I'd strongly recommend turning on auditing of "Logon" failures in the local security policy of FILESERVER (Start / Run / GPEDIT.MSC - Navigate to "Computer Configuration", "Windows Settings", "Security Settings", "Local Policies", "and "Audit Policy"), run "GPUPDATE", and watch the "Security" event log after a failure to see what shows up. (I am assuming, by way of directing you to the local security policy, that you don't have domain policy overriding it.)
Can you verify that other combinations of client computers and users do or do not exhibit the problem (i.e. "UserA" on the comptuer normally used by "UserB", etc)?
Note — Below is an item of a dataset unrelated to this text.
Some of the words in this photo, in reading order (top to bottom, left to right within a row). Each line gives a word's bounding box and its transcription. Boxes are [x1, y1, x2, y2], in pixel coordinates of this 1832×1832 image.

This has the feel of a problem re: SMB signing or NTLM level, but I'd think that all your OS's are set to their stock confgurations and should work fine. Just for kicks, run Resultant Set of Policy on a working and non-working client computer and compare the settings in "Computer Settings", "Windows Settings", "Security Settings", "Security Options" related to "Domain Member: ..." and "Microsoft network client: ...".)
One more silly thing: Is the name FILESERVER resolving to the same IP address on all the clients?
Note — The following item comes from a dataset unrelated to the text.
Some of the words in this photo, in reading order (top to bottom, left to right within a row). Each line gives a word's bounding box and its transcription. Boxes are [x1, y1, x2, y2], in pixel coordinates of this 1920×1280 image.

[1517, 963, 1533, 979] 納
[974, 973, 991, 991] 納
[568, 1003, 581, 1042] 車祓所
Have you tried the two user accounts that are denied on the computer than has the user working fine? This may at least work as a process of elimination. If they can access it okay through that computer then perhaps suspect the computer configuration or domain/computer relationship. Perhaps disjoin them and rejoin them to the domain. But first check if the user accounts can access the shares on that other computer. Or you could create another share with everyone with access to it and see if these user accounts can access this on at all. This may give you a little bit more insight into the matter as well.
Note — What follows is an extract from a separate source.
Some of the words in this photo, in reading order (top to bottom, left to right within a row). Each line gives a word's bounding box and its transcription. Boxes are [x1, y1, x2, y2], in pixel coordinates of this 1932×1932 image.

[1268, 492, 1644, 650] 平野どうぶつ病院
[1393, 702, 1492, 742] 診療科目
Silly question but are UserB and UserC in a group that has a "deny" entry in the ACL? You might want to check the Advanced permissions here too, as sometimes entries there don't show in the standard list.
If that's not it, generally what I do in these scenarios is try to narrow it down to a user or a machine problem, so I would get UserB to log on to UserA's machine (and vice-versa) and see what happens. Same with UserA and UserC. Based on the info from that exercise you should know whether to go looking at the user accounts or something on or with the PCs for further troubleshooting.
If you determine that it's the users, the next logical step would be to create test user accounts by copying the live ones, then trying to reproduce the problem yourself.
Here's a long shot. Can your client machines browse to the server on the network and actually see the share? I have seen similar behaviour in the past that was related to browsing issues. Permissions were find but the machines couldn't locate the server and Windows error messages are known to be somewhat misleading at times.
Check the permissions on the volume (drive) where the share is. Each user needs to have the "Bypass Traverse Checking" user right in order to get to the shared folder and it's contents, regardless of the permissions on the share itself. Make sure that the users have the "Traverse Folder\Execute File permission at the volume (drive) level.